### Information
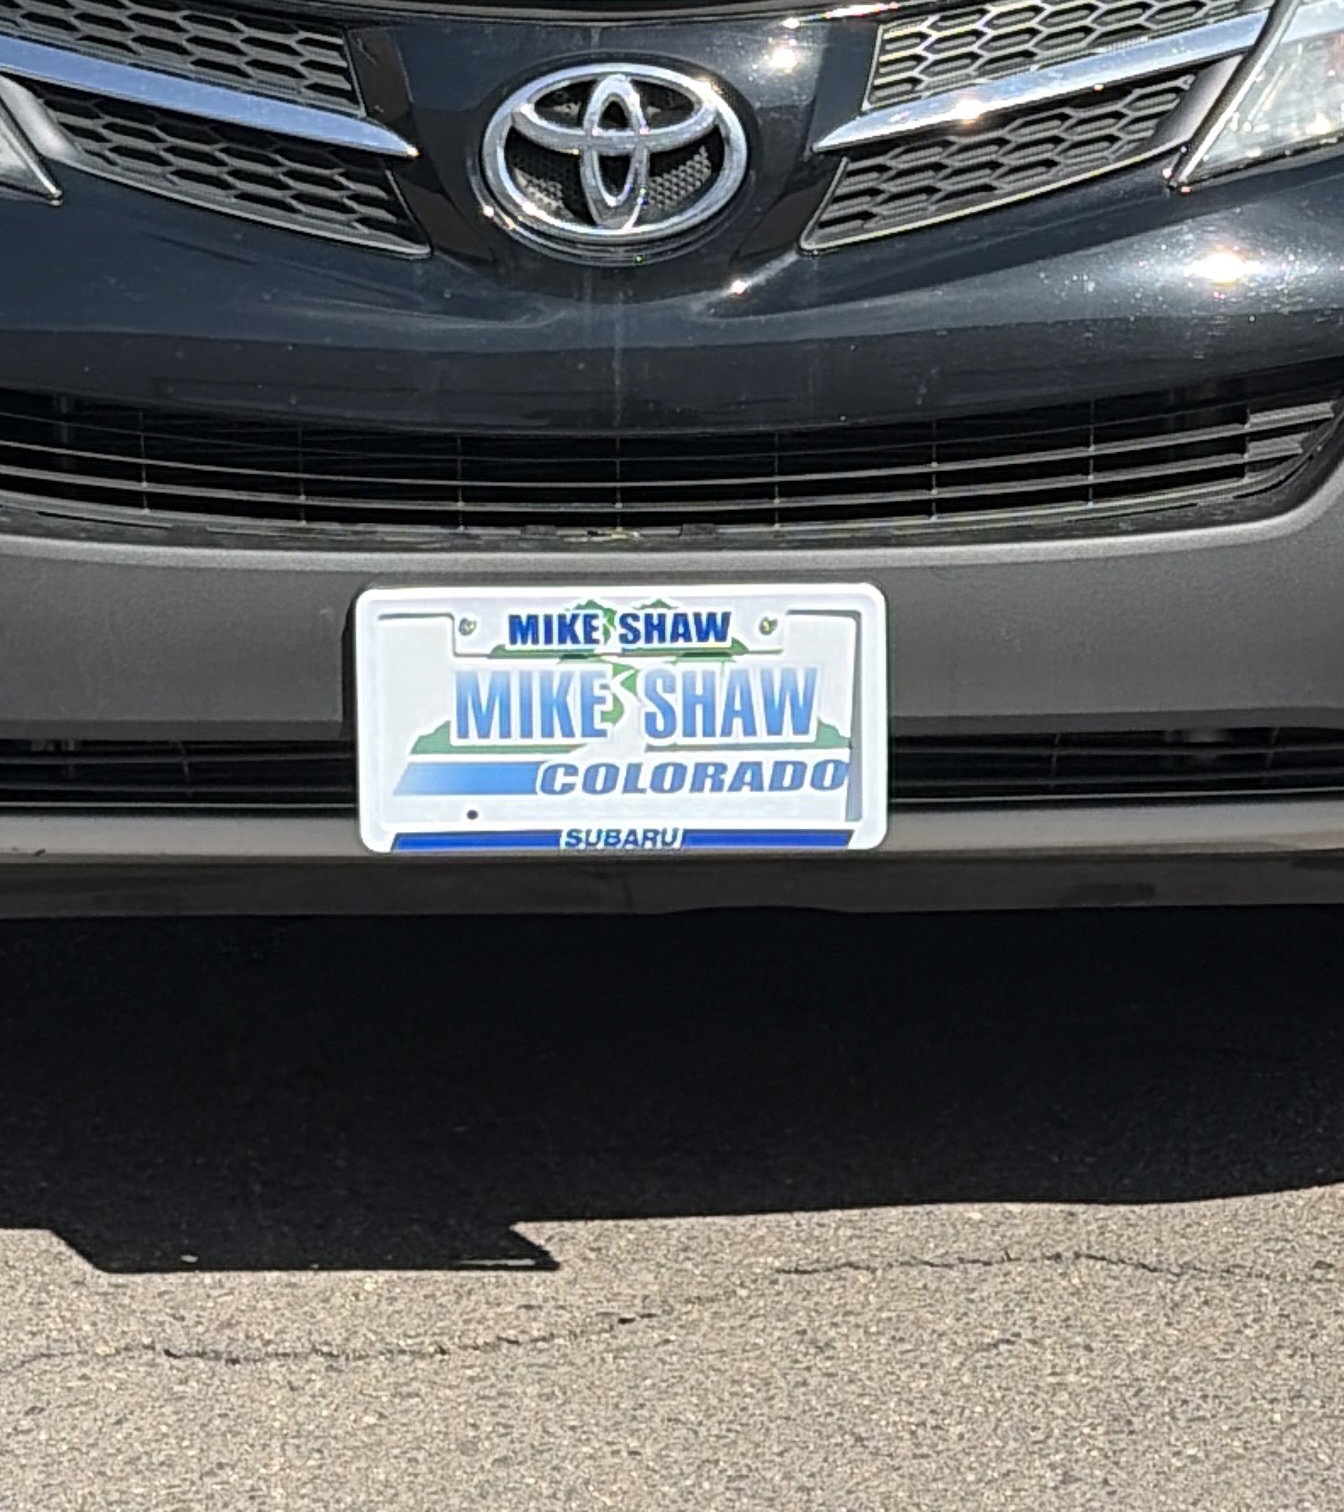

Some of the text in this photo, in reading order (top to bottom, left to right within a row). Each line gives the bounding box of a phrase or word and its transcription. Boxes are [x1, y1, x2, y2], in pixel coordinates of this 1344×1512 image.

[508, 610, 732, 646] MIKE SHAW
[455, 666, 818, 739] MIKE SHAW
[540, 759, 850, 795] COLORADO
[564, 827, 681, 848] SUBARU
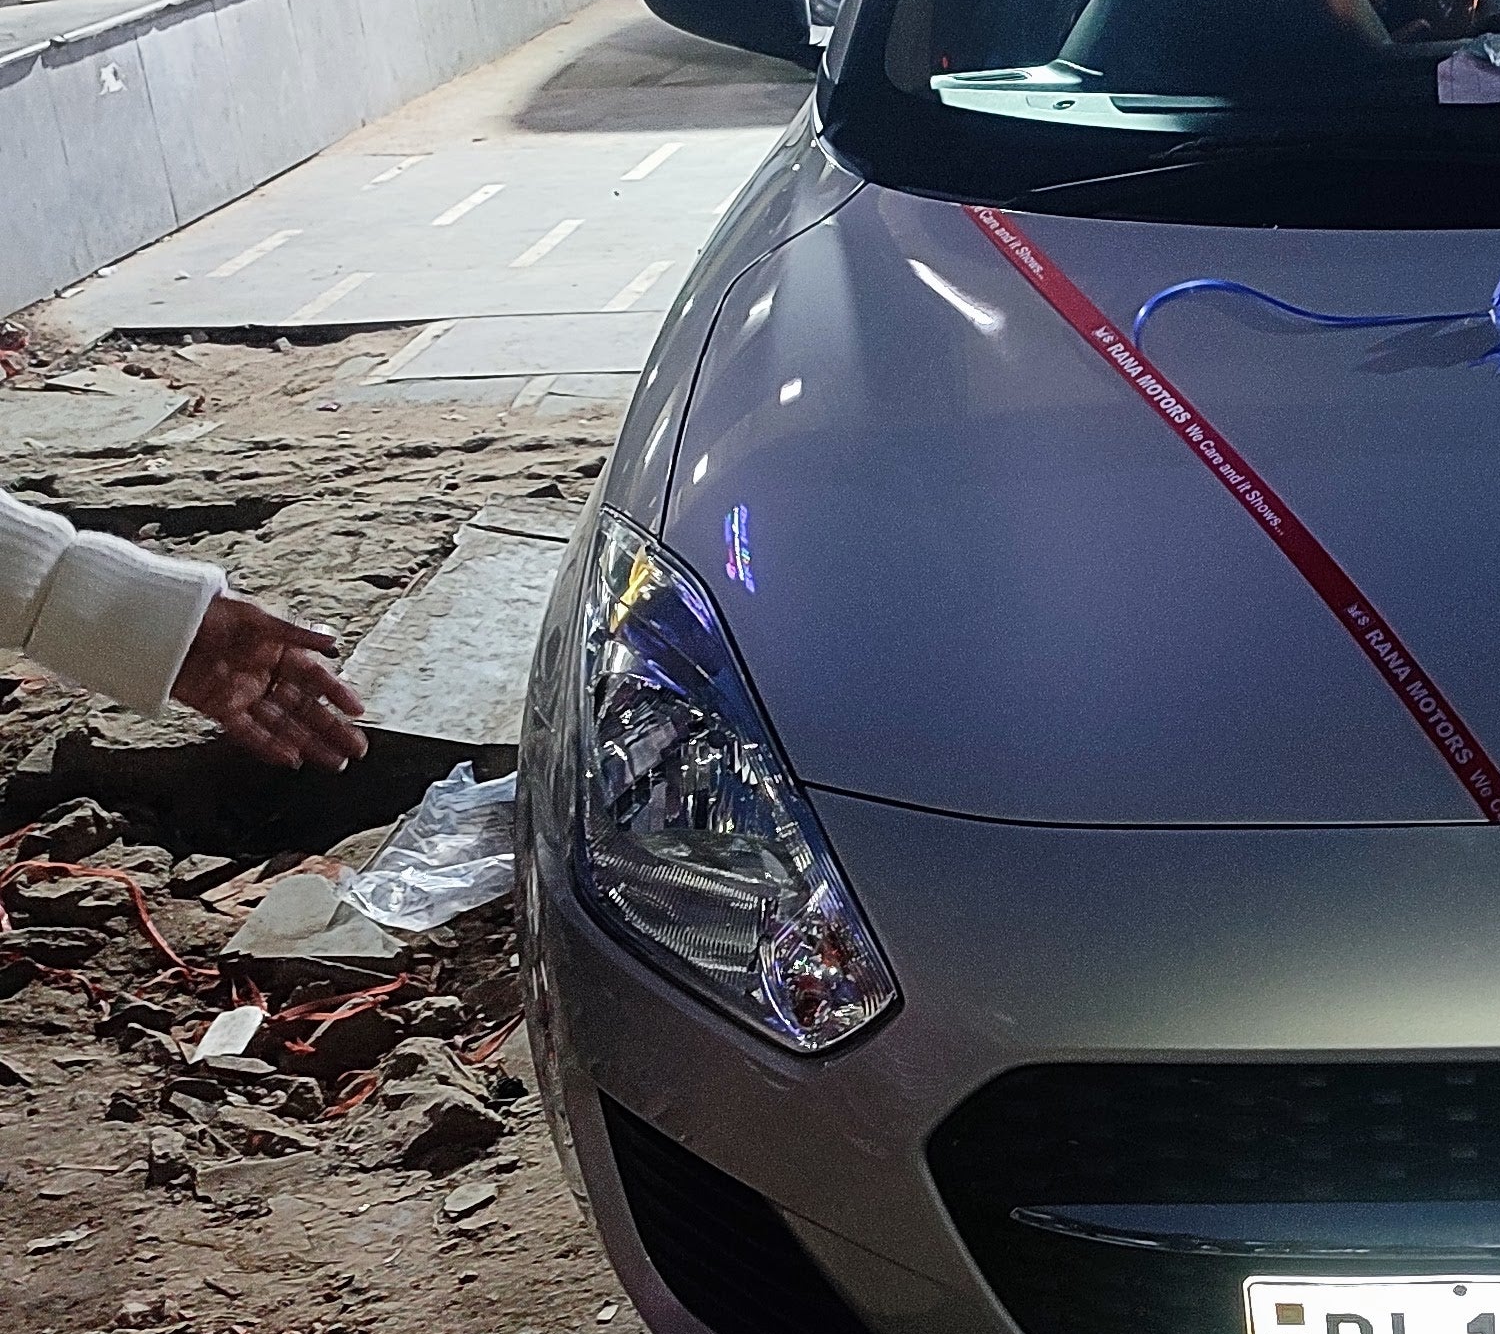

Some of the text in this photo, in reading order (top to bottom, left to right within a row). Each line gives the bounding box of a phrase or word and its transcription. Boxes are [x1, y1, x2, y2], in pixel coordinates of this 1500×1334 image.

### Required work
Write the records above out again exactly, but not the pictures.

### Finished task
Some of the text in this photo, in reading order (top to bottom, left to right within a row). Each line gives the bounding box of a phrase or word and its transcription. Boxes are [x1, y1, x2, y2], in pixel coordinates of this 1344×1512 image.

[508, 610, 732, 646] MIKE SHAW
[455, 666, 818, 739] MIKE SHAW
[540, 759, 850, 795] COLORADO
[564, 827, 681, 848] SUBARU

Some of the text in this photo, in reading order (top to bottom, left to right within a row). Each line gives the bounding box of a phrase or word and its transcription. Boxes are [x1, y1, x2, y2], in pixel coordinates of this 1500×1334 image.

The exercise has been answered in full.